Today, there has been much said about friendships and their value to our lives. Certainly, after this pandemic, we have started to consider the value of human connections.
We have people we hold closest. We also have passive connections. Then there are the closest friends. They can even be described as “chosen family”.
The moral of the story, of course, is that not every connection we make is good. Not every connection or friendship can be inherently good or continue to be. Yet to understand this, we must find a way to quantify or visualise this.
After discussing my own personal unhappiness, a visual approach showed its worth, and how to quantify those challenging friendships.

What this means and how it qualifies friendships
The approach is simple, by placing the key friendships on the first tier. This covers the closest friends. The second tier includes nearly important friends. The third tier holds the least important or those that have been “relegated” to this lower tier.
An important aspect of this is how relationships and connections can indeed change, causing a change in ranks. This change can be either positive or negative based on actions or how those connections tend to evolve over time.
The Friendship Tier System
First Tier | The first tier friendships are those that are deemed to be “good” friends, or best friends. Those that would you would do anything for, and those that would hopefully return the opposite versa. You also wish to have a best friend at the very top of this. |
Second Tier | The second tier are those connections that are more or less acquaintance. Those people that are there and have a role to play in your life. However, they are not true friends. They do not belong to the primary first tier. This distinction helps differentiate between acquaintances and friendships. |
Third Tier | The dreaded third tier, is a place for those friendships and connections that have not gone to well. More specifically, this category includes people who are potential time wasters. It also includes those who have had too many chances and been demoted to that level. However, they can work back to the prior ranking. |
Conclusion
This approach is a short summary of how we categorise friendships. We can learn from understanding our human connections. It’s important to learn from them and recognise their importance. Another aspect of this model is understanding the significance of friendships. This is crucial, especially when things don’t go as planned.

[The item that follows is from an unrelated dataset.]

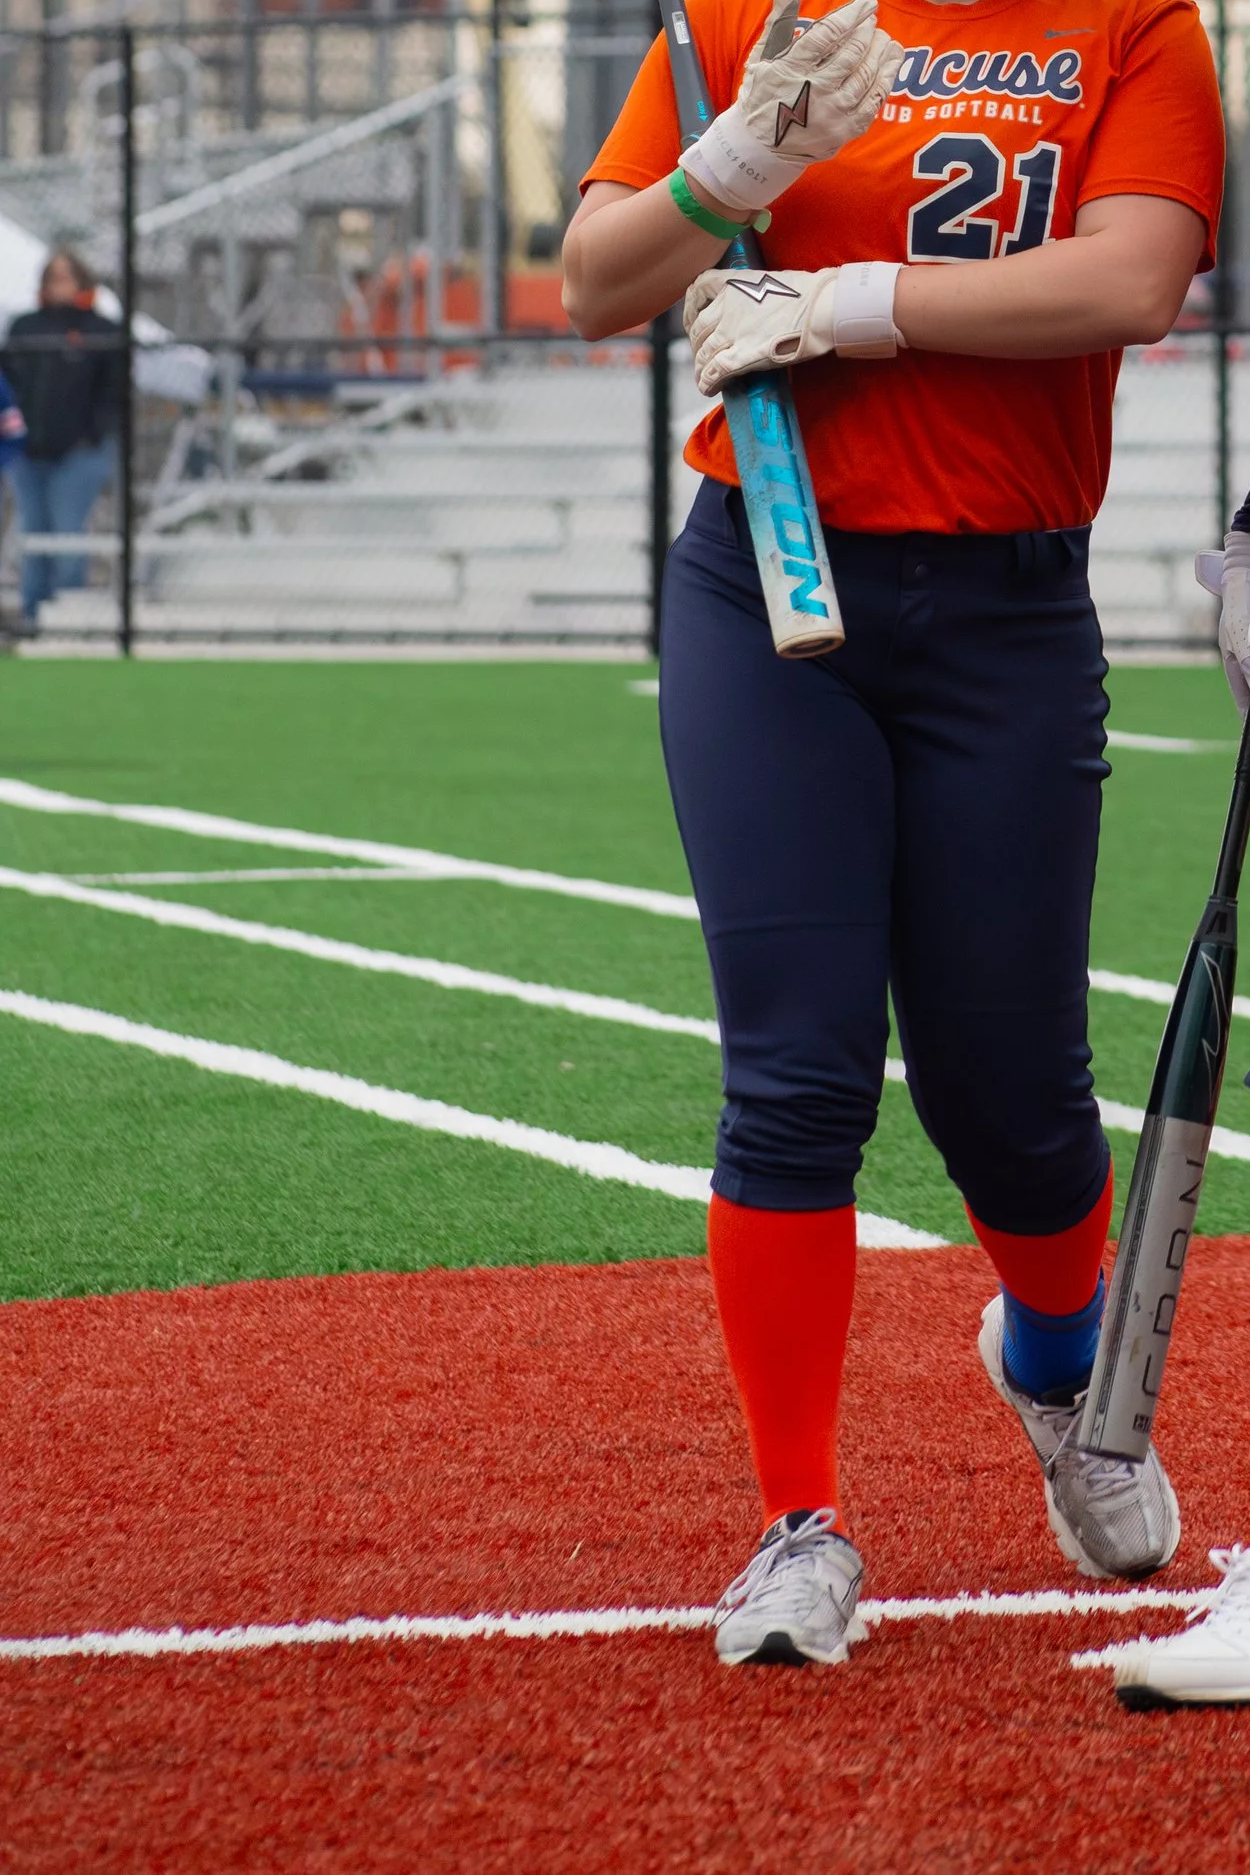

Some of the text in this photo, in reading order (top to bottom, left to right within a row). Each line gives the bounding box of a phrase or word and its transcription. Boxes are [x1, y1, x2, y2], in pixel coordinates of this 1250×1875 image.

Overall, we appreciate the value of this, as friendships along with other interactions are something that must be valued. Regardless of being an introvert or an extrovert, we can only ever make a certain number of human interactions. We perhaps value these connections more in this post-pandemic world.
Like with any connection, they can evolve over time. And we must also think about how to maintain and nurture such connections. After all if we note the fact that friends ranking can increase or decrease. Although we do need to consider that our actions play a role, as do the others.